## WORK REQUIRED
Output what the records say, word for word, with no images.

Free-text object descriptions
BEGIN

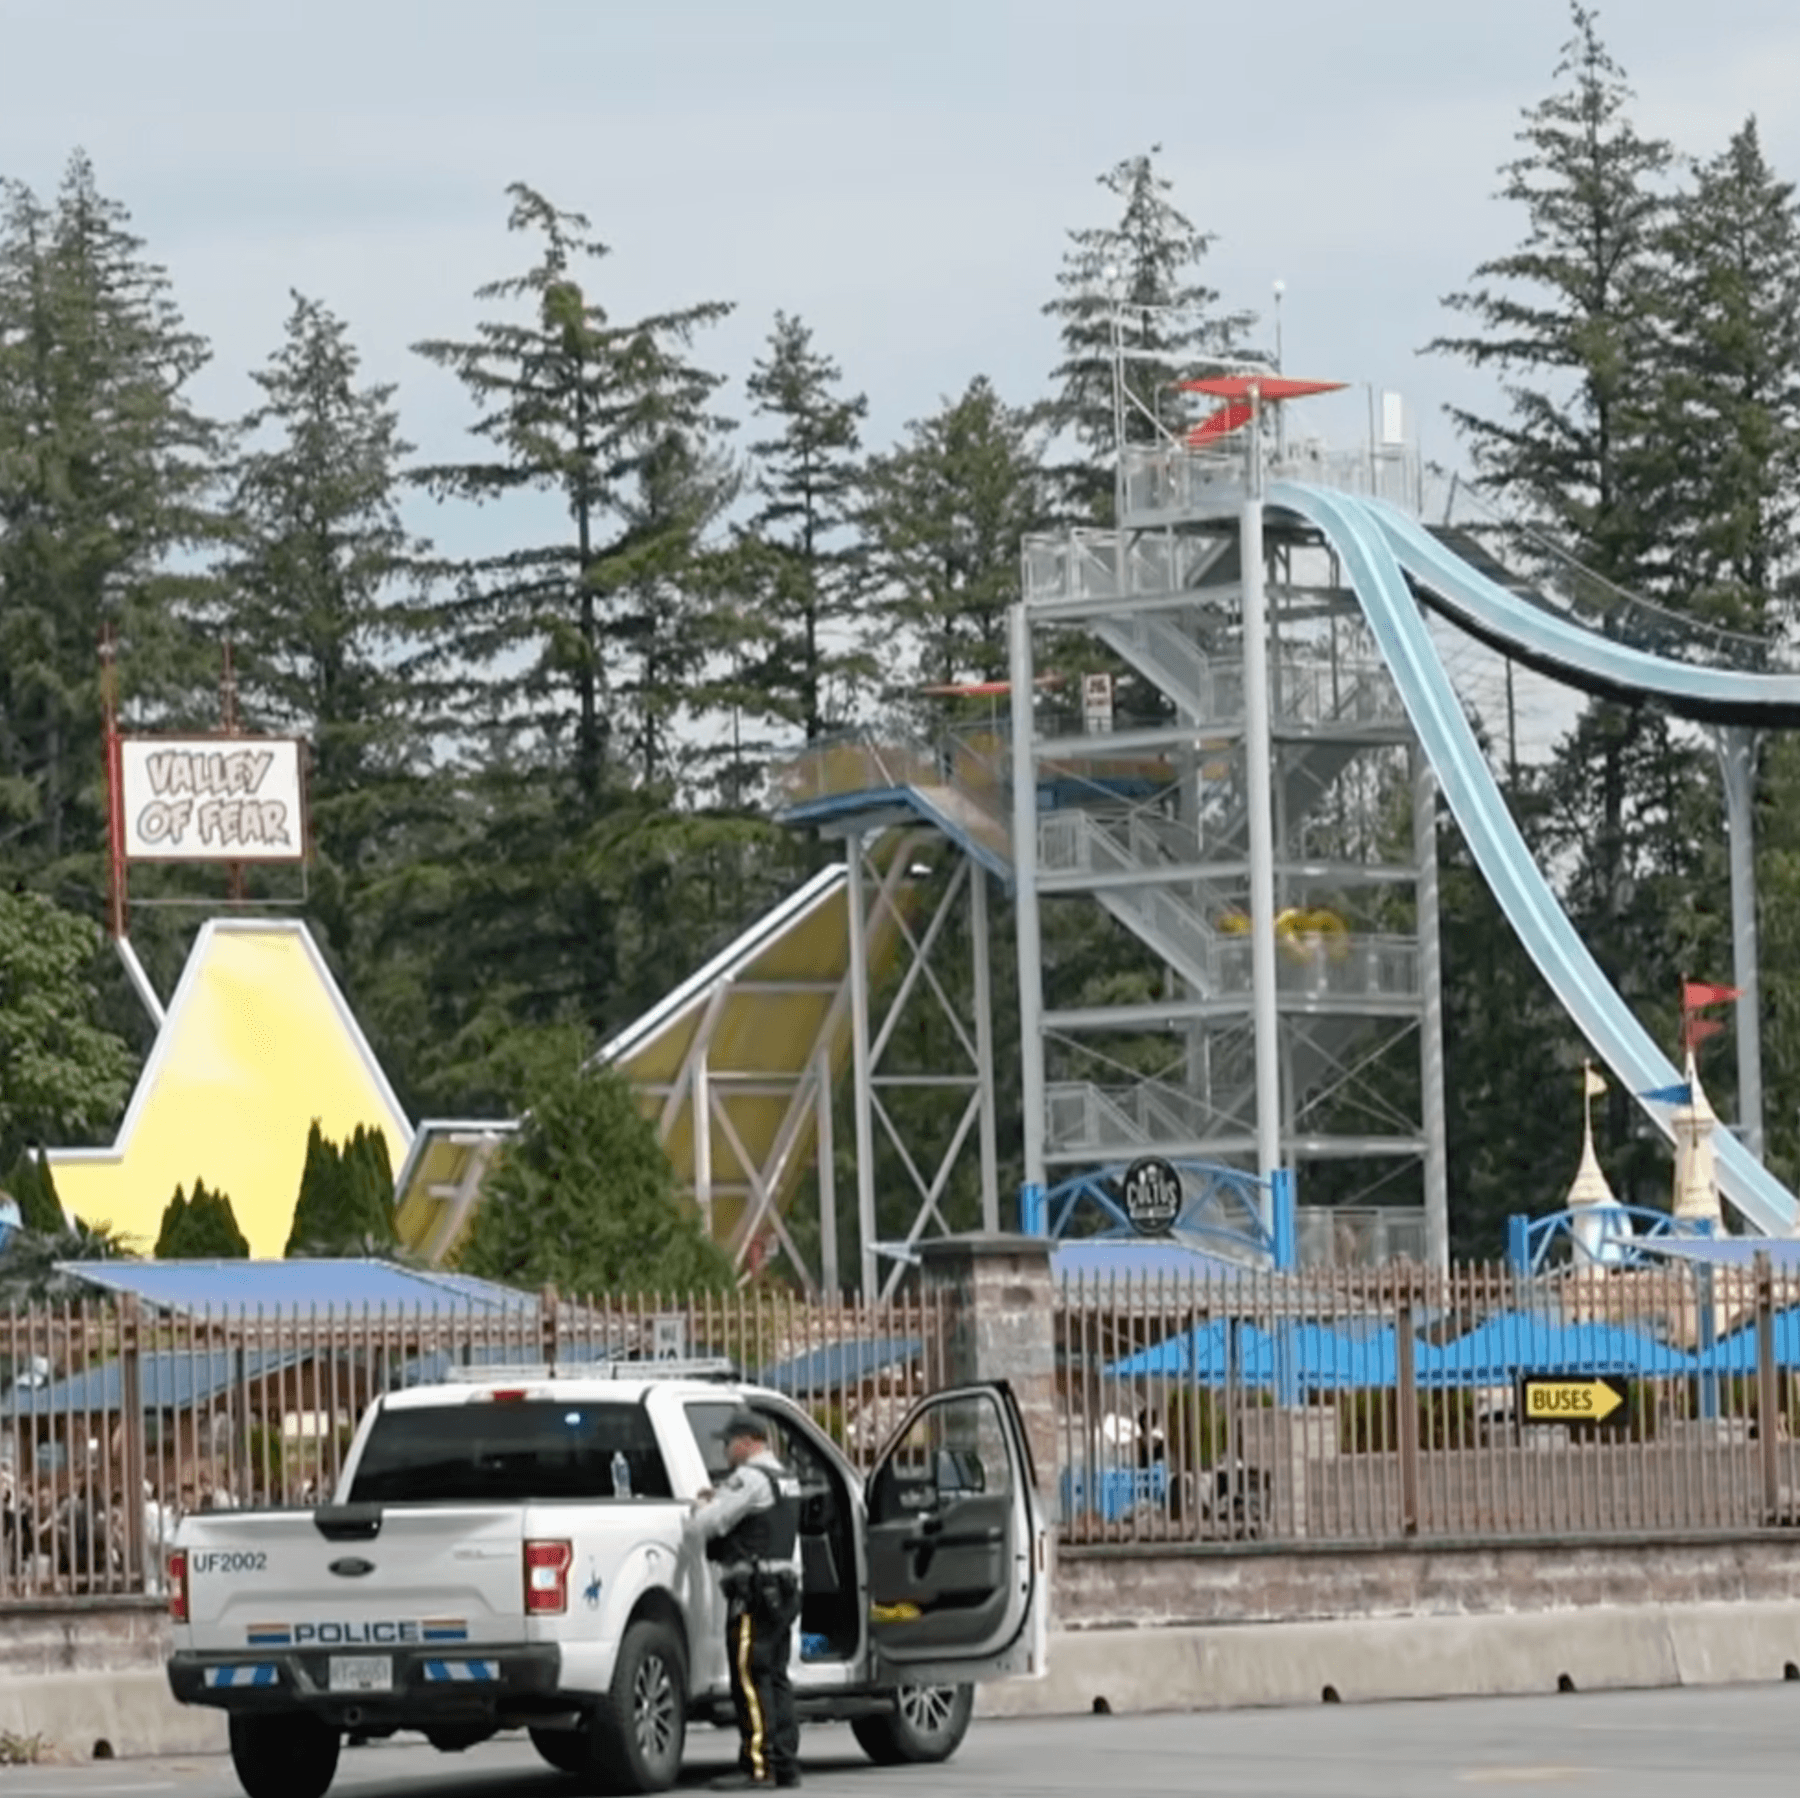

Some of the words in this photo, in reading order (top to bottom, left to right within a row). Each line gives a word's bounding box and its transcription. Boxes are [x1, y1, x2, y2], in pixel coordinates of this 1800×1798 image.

[145, 749, 275, 797] VALLEY
[136, 798, 193, 846] OF
[197, 798, 292, 848] FEAR
[1533, 1388, 1594, 1411] BUSES
[193, 1552, 267, 1573] UF2002
[294, 1620, 418, 1643] POLICE
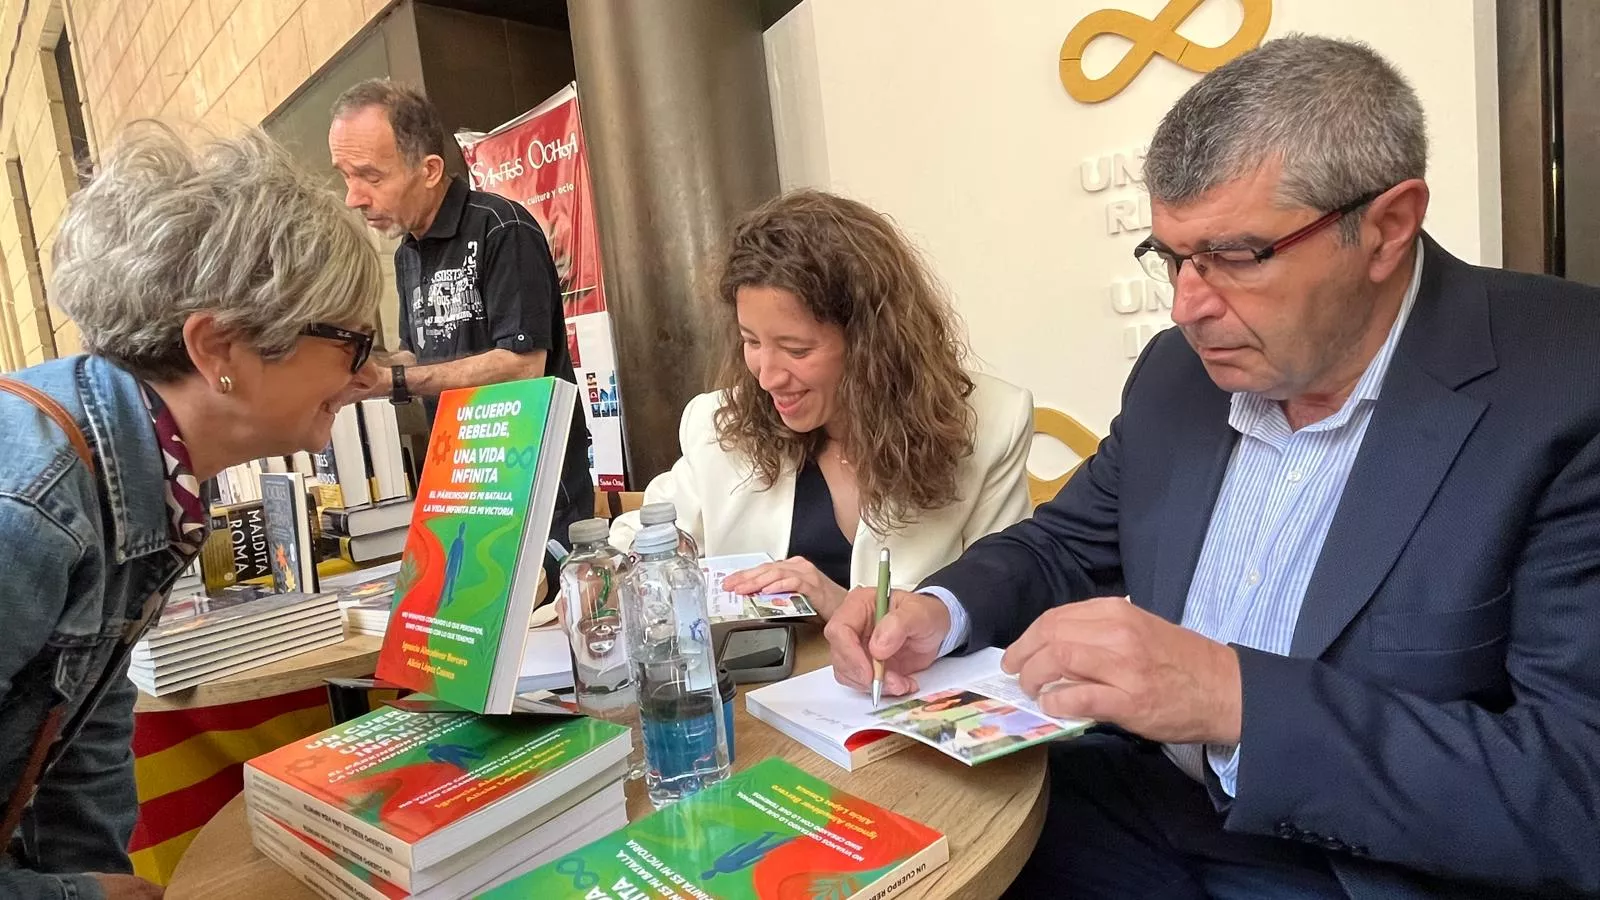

END

## SOLUTION
Some of the words in this photo, in reading order (top to bottom, left to right within a row). Each line gives a word's bounding box and its transcription. Boxes are [x1, y1, x2, y2], in pixel coordinates of this 1800×1798 image.

[145, 749, 275, 797] VALLEY
[136, 798, 193, 846] OF
[197, 798, 292, 848] FEAR
[1533, 1388, 1594, 1411] BUSES
[193, 1552, 267, 1573] UF2002
[294, 1620, 418, 1643] POLICE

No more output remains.